Little Chef
Cottage Cheese Date and Chocolate Scones by Zero Guilt By Hela
Tender, protein-rich scones studded with sweet Medjool dates and melted dark chocolate for a cozy breakfast.
Serves: 8Prep: 15 minCook: 20 min
Ingredients
- 2 cup all-purpose flour
- 1 cup cottage cheese, blended until smooth
- 1/4 cup maple syrup
- 1 tbsp baking powder
- 1/2 tsp salt
- 1/2 cup medjool dates, pitted and chopped
- 1/2 cup dark chocolate chips or chopped bar
- 4 tbsp cold unsalted butter, cubed
Instructions
- Preheat your oven to 400°F (200°C) and line a baking sheet with parchment paper.
- Whisk together the flour, baking powder, and salt in a large bowl
- Cut the cold cubed butter into the flour mixture using a pastry cutter or your fingers until it resembles coarse crumbs.

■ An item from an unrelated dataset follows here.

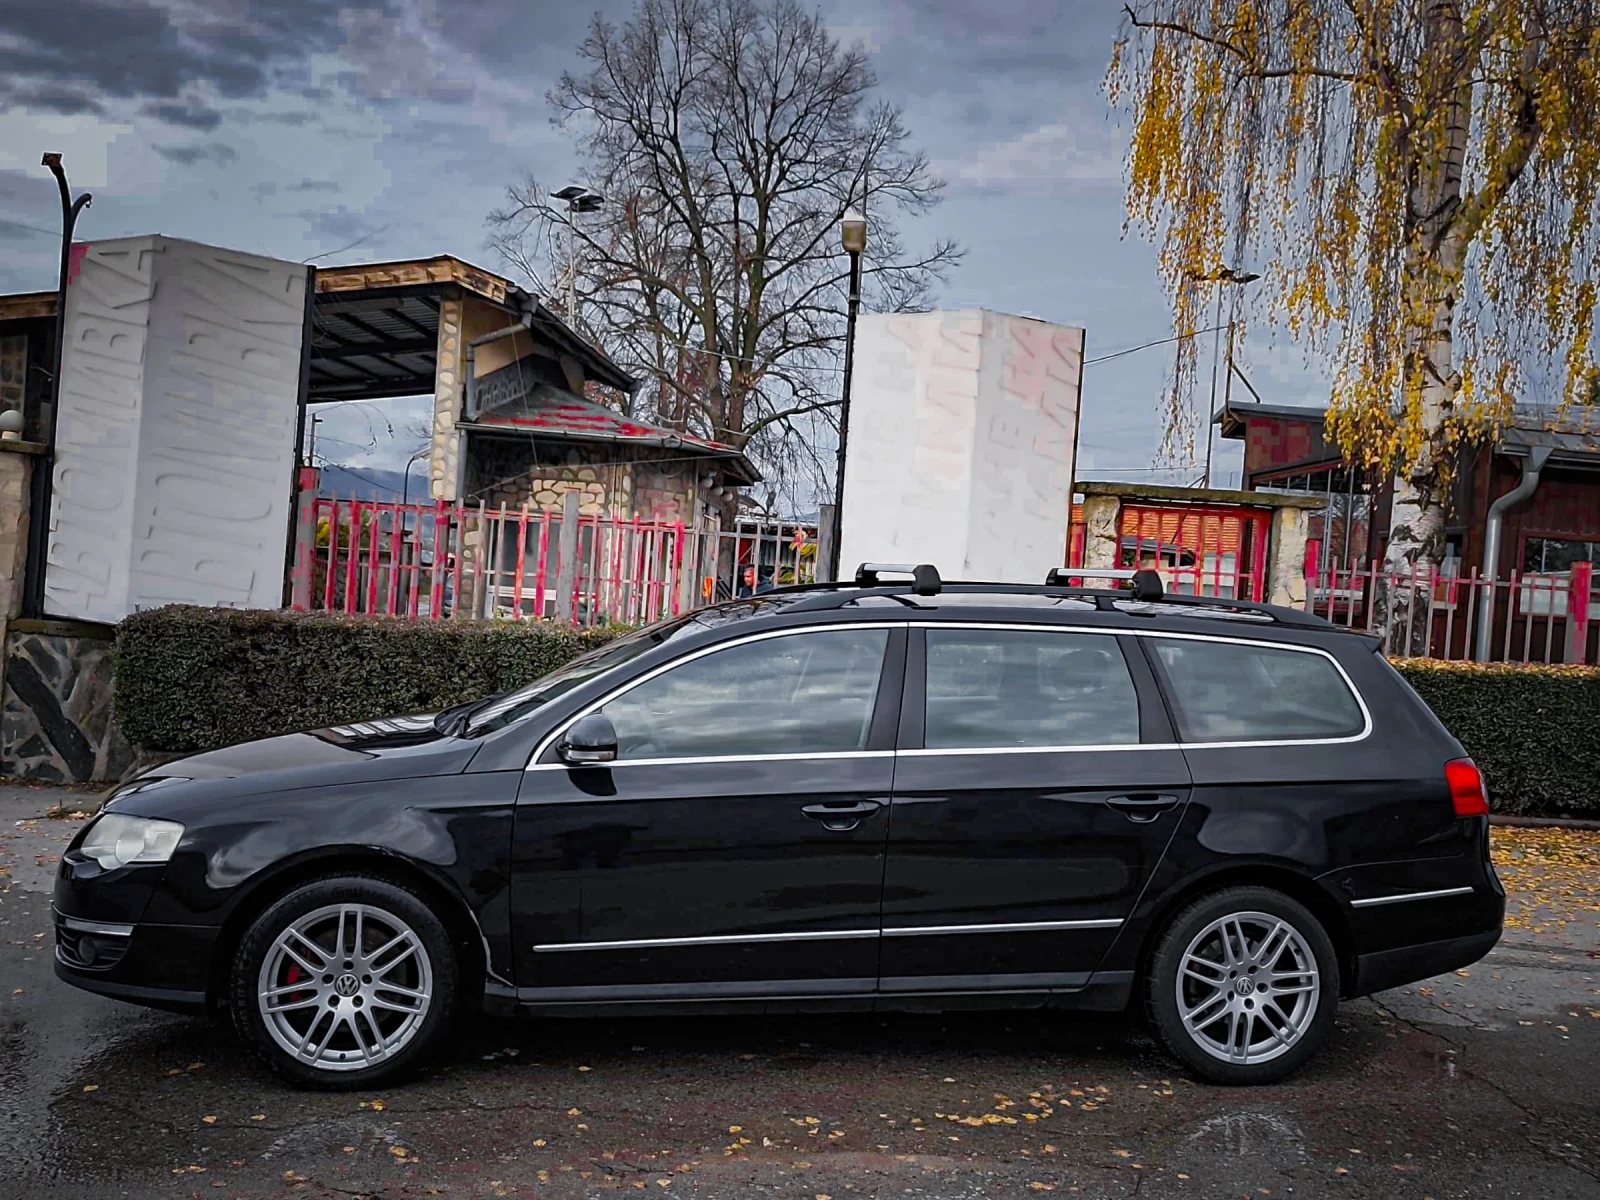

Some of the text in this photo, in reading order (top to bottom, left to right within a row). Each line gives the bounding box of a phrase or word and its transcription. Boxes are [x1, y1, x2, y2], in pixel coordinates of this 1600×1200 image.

- Stir in the blended cottage cheese and maple syrup until a shaggy dough begins to form.
- Fold in the chopped dates and dark chocolate chips until evenly distributed.
- Turn the dough onto a lightly floured surface and pat into a 1-inch thick circle, then cut into 8 wedges.
- Arrange the wedges on the prepared baking sheet and bake for 18–20 minutes, or until the tops are golden brown.
- Cool on the pan for 5 minutes before serving warm.